To shorten the time for guide catheter placement during MET for acute basilar artery occlusion (ABAO), all METs for ABAO have been performed via the transbrachial approach with a largebore aspiration catheter without using a guide catheter since August 2017. In this technique, which we called the direct brachial approach (DiBA), we used the Penumbra 5MAX ACE reperfusion catheter (Penumbra Inc., Alameda, CA, USA) as a guide catheter. Herein, we reported our preliminary clinical experience with this technique.
MATERIALS AND METHODS
We retrospectively analyzed the data of 4 consecutive patients who underwent MET for ABAO using the DiBA technique between August 2017 and December 2018. Patient characteristics, endovascular procedure details, technical complications, and angiographic and clinical outcomes were analyzed. Particularly, the technical complications of the transbrachial approach included spasm, occlusion, and pseudoaneurysm of the brachial artery and median nerve palsy. The outcome variables of interest included puncture to guide (PTG) time, which was defined as the duration from puncture to guide catheter placement in the appropriate position, and puncture to recanalization (PTR) time. The other outcomes analyzed included thrombolysis in cerebral infarction (TICI) grade, score on the modified Rankin Scale (mRS) at 90 days, death due to any cause, and symptomatic intracranial hemorrhage, which was defined as an exacerbation based on the National Institutes of Health Stroke Scale score. All procedures were performed by board-certified neurosurgeons (T.S., Y.N., and M.M.) or an interventional neurologist (M.O.) of the Japanese Society of Neuroendovascular Therapy. The Institutional Review Board approval was obtained at the Nagoya City University Graduate School of Medical Sciences in Nagoya, Japan.
The DiBA technique
On admission, the patients underwent brain computed tomography (CT) and CT angiography (CTA). CTA was performed from the aortic arch to the cerebral vertex to assess the presence of LVO and the access route in case MET was necessary. If AIS in the posterior circulation was confirmed, brain magnetic resonance imaging was performed to exclude any large brainstem infarction. Subsequently, the DiBA technique was performed (Fig. 1).

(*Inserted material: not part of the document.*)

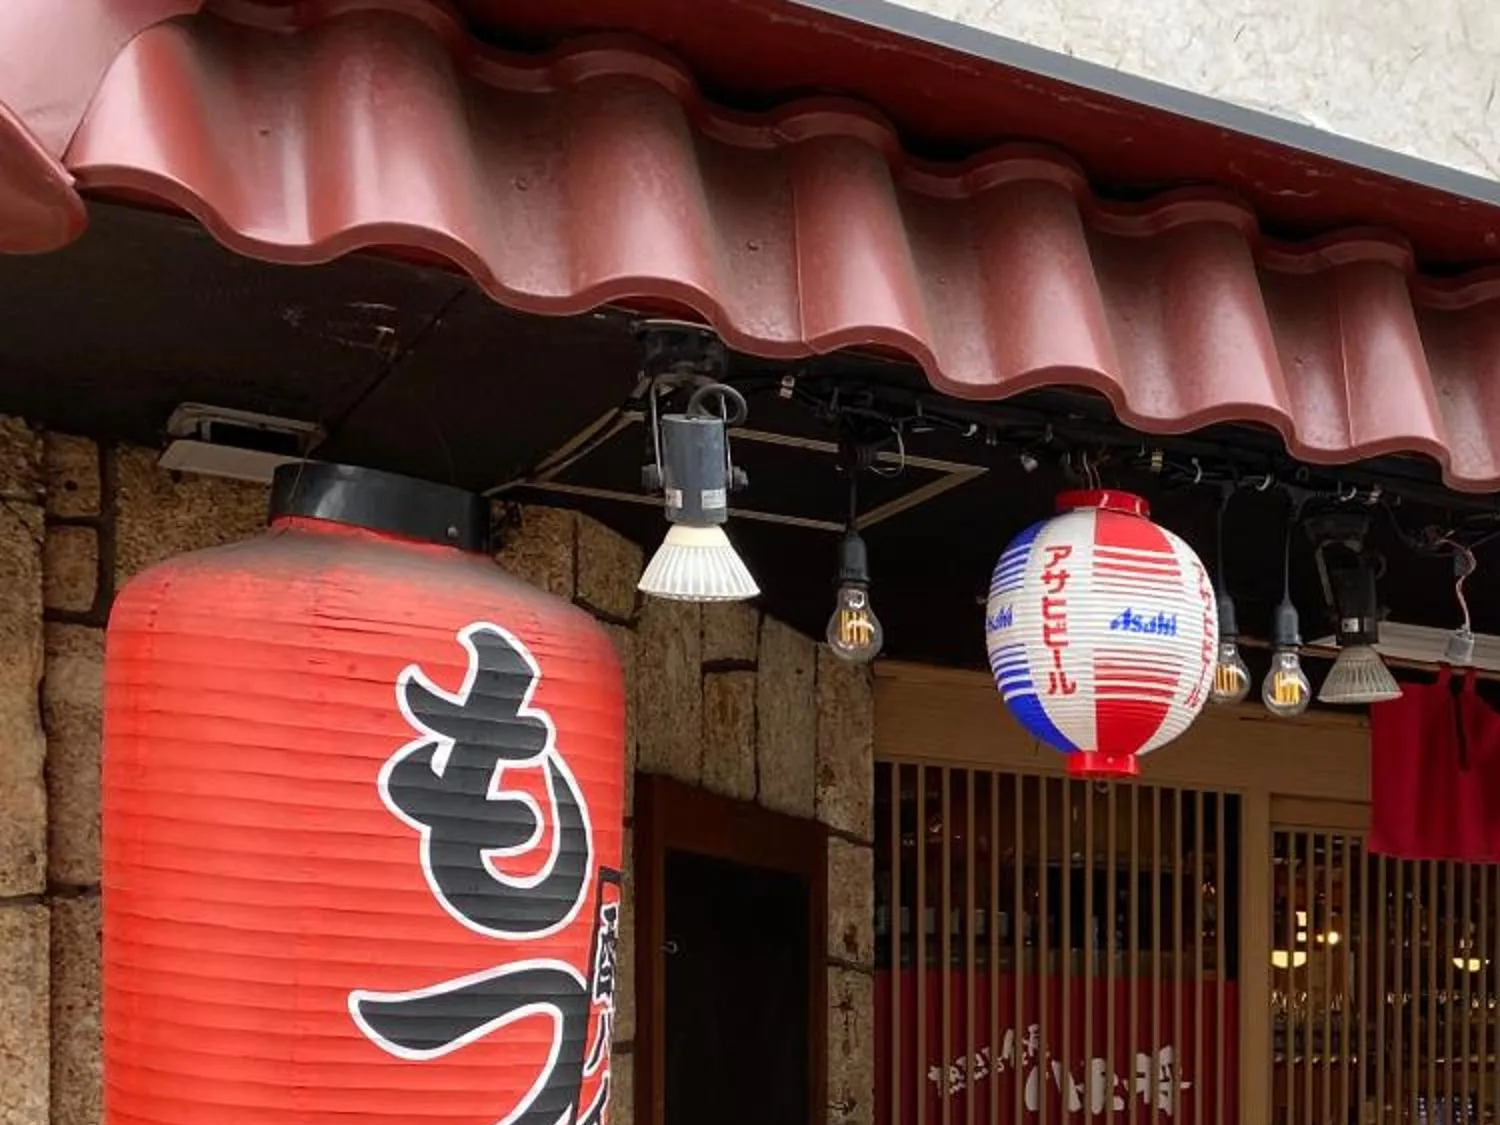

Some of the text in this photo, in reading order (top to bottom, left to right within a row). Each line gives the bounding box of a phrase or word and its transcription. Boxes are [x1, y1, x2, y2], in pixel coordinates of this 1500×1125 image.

[1041, 546, 1076, 695] アサヒビール
[1109, 607, 1177, 637] Asahi

The DiBA technique for an ABAO. CTA shows an ABAO (A) and the assessment of the access route including the right VA ostium (B, arrow). (C) A 6-F introducer sheath measuring 25 cm is inserted in the right brachial artery (arrow), and the 5MAX ACE (Penumbra Inc., Alameda, CA, USA) is navigated using a 0.035-inch guidewire or a catheter exchange technique. The 5MAX ACE is positioned at the VA V2 position (D, arrow), and a microcatheter and a microwire are navigated (E) to cross the thrombus. (F) After deployment of the stent retriever to the site of occlusion and positioning of the 5MAX ACE to the proximal site of the occlusion (arrow), immediate flow restoration was observed. (G) Finally, TICI 3 recanalization was achieved. DiBA, direct brachial approach; ABAO, acute basilar artery occlusion; CTA, computed tomography angiography; VA, vertebral artery; TICI, thrombolysis in cerebral infarction.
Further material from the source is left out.